--- Information provided ---

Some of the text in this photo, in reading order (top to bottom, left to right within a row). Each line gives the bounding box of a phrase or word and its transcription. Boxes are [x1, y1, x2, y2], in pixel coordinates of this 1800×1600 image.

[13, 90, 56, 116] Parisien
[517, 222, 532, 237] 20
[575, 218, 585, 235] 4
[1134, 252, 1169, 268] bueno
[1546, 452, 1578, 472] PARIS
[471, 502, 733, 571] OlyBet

---

- [Brief]: Return the material exactly. Leave out no line.

- [The completed task]:
Some of the text in this photo, in reading order (top to bottom, left to right within a row). Each line gives the bounding box of a phrase or word and its transcription. Boxes are [x1, y1, x2, y2], in pixel coordinates of this 1800×1600 image.

[13, 90, 56, 116] Parisien
[517, 222, 532, 237] 20
[575, 218, 585, 235] 4
[1134, 252, 1169, 268] bueno
[1546, 452, 1578, 472] PARIS
[471, 502, 733, 571] OlyBet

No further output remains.